[About this exercise]
Skip the images and copy each record exactly as written.

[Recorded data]
++++++

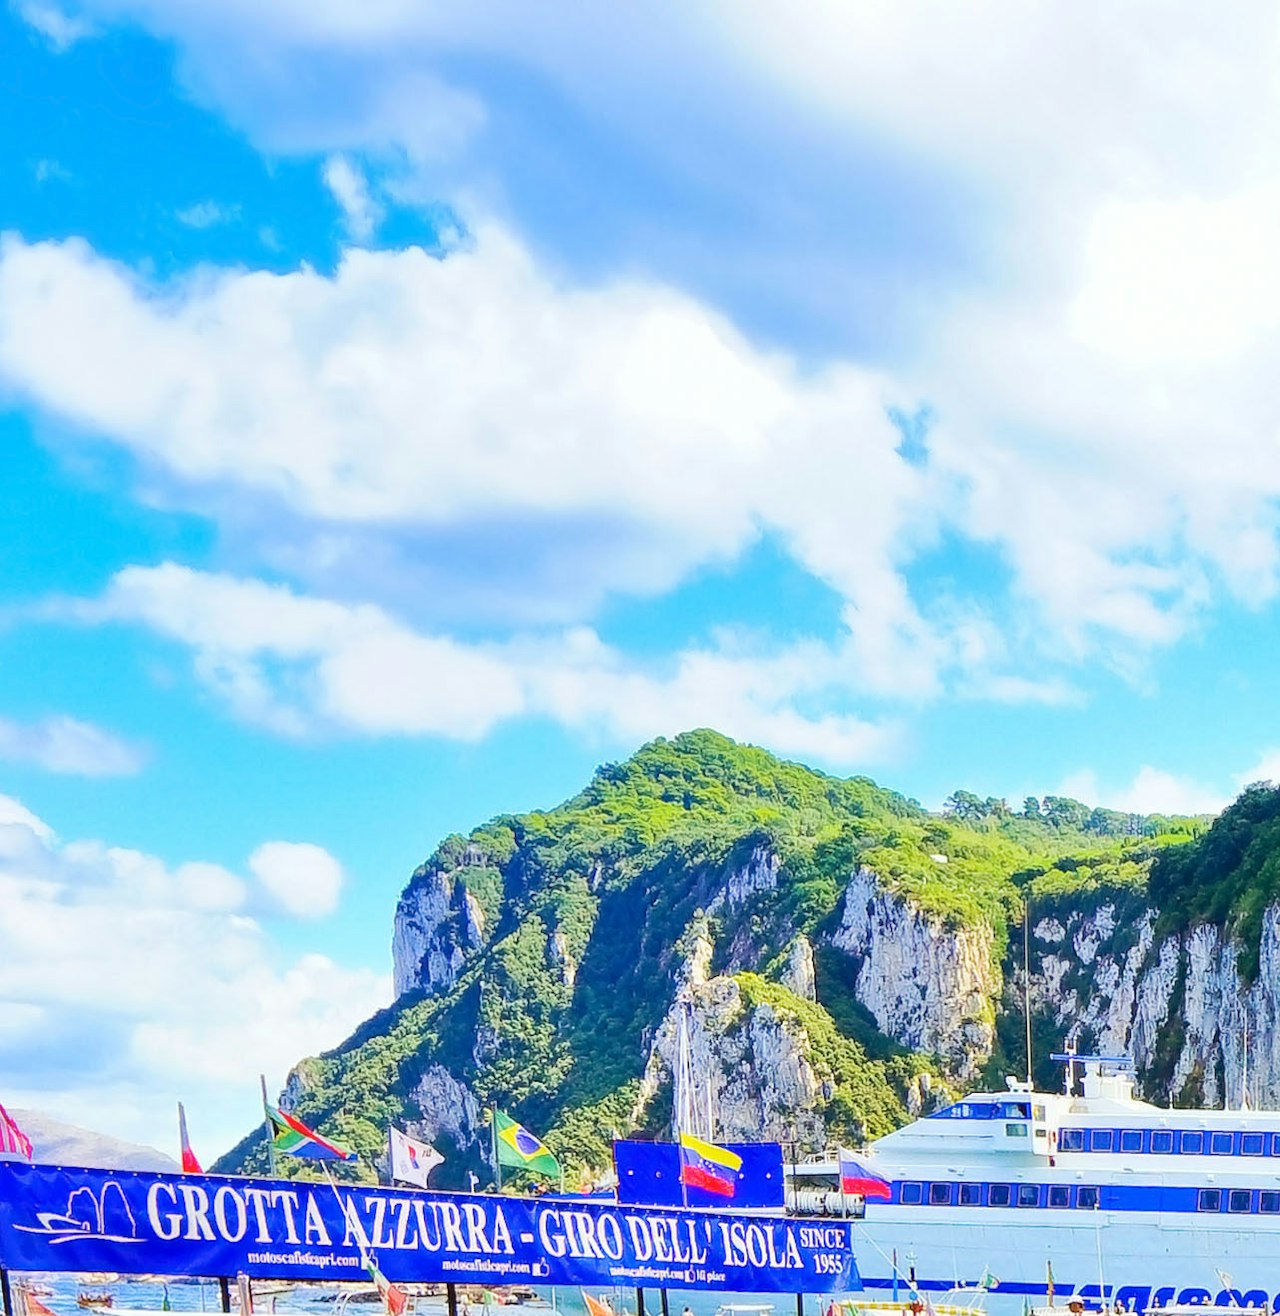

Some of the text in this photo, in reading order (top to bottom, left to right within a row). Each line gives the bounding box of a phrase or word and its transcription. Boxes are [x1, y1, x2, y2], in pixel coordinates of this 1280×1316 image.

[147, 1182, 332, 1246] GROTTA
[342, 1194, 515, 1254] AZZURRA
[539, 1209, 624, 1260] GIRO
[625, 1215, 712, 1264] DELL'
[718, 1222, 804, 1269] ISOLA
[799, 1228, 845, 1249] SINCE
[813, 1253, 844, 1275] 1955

++++++

[Response box]
Some of the text in this photo, in reading order (top to bottom, left to right within a row). Each line gives the bounding box of a phrase or word and its transcription. Boxes are [x1, y1, x2, y2], in pixel coordinates of this 1280×1316 image.

[147, 1182, 332, 1246] GROTTA
[342, 1194, 515, 1254] AZZURRA
[539, 1209, 624, 1260] GIRO
[625, 1215, 712, 1264] DELL'
[718, 1222, 804, 1269] ISOLA
[799, 1228, 845, 1249] SINCE
[813, 1253, 844, 1275] 1955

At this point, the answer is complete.